- ePoster presentation
- Open Access
Seroprevalence of viral hepatitis in jaundiced pregnant women in a teritiary care hospital
BMC Infectious Diseases volume 14, Article number: E32 (2014)
Viral hepatitis represents an important health problem in the developing countries. The objective of this study is to determine the seroprevalence of viral hepatitis pattern in jaundiced pregnant women.
A total of 128 jaundiced pregnant women admitted as in-patients were included in the study. The test samples were screened for viral hepatitis markers; HBsAg, Anti-HAV (IgM), Anti-HCV, Anti-HDV, Anti-HEV (IgM) by commercial ELISA kits. For HBsAg positive women, Anti-HBc IgM, HBeAg and Anti-HBe were done. HBV DNA analysis was done by polymerase chain reaction.

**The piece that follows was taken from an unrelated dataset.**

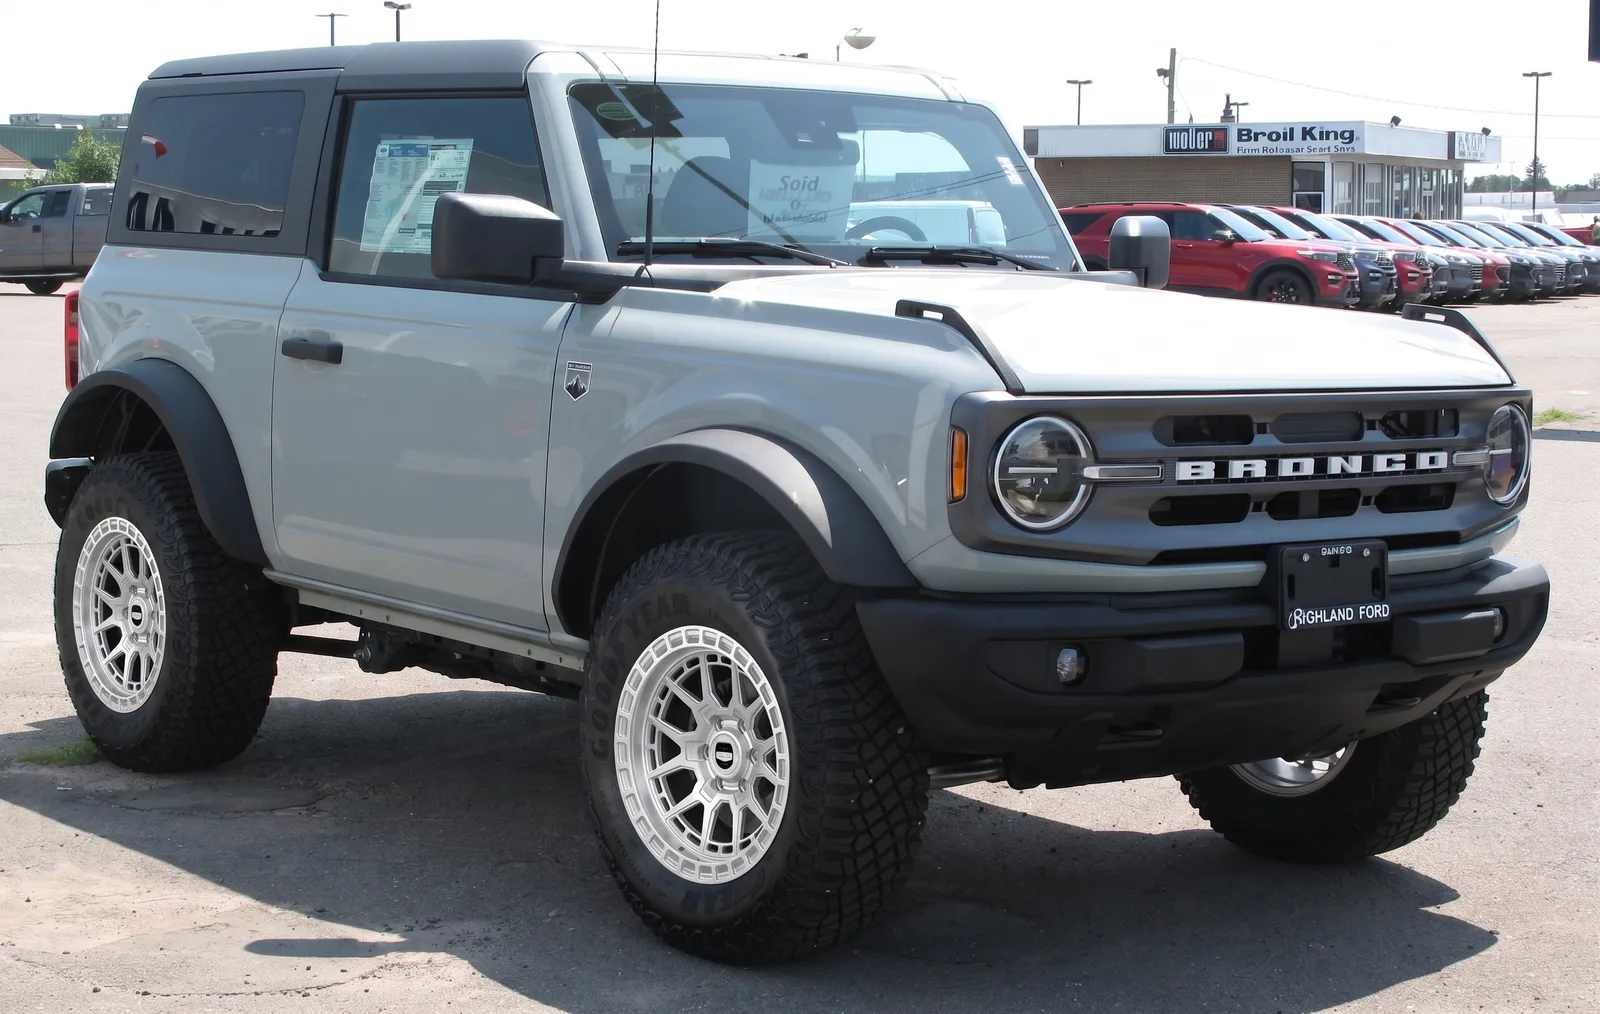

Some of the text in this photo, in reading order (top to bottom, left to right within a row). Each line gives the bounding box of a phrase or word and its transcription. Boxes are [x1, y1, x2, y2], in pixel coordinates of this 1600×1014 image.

[1237, 126, 1355, 145] Broil King
[1175, 451, 1448, 481] BRONCO
[1359, 604, 1390, 620] FORD

Of the 128 test serum samples screened, 53.1% were positive for HBsAg, 15.62% were positive for HEV IgM and 3.25% were positive for HAV IgM. None of them were positive for Anti-HCV & Anti-HDV. Among the 68 HBsAg positive pregnant women, the prevalence of HBeAg, anti-HBe, and anti-HBc were 54%, 45.6% and 89%, respectively. Of the 31, HBeAg negative women, 11 had only anti-HBe, 9 were positive for anti-HBe and HBV DNA and 11 were negative for anti-HBe and HBV DNA.
The present study conducted has evolved a comprehensive picture on the virological pattern of viral hepatitis in jaundiced pregnant women. Hepatitis B virus (53.1%) seems to be the major causative agent followed by Hepatitis E virus (15.62%) in the 128 study subjects. Authenticated documentation on pregnancy hepatitis, maternal and fetal outcome in symptomatic viral infected mothers are essential features to plan and implement health measures package in a country.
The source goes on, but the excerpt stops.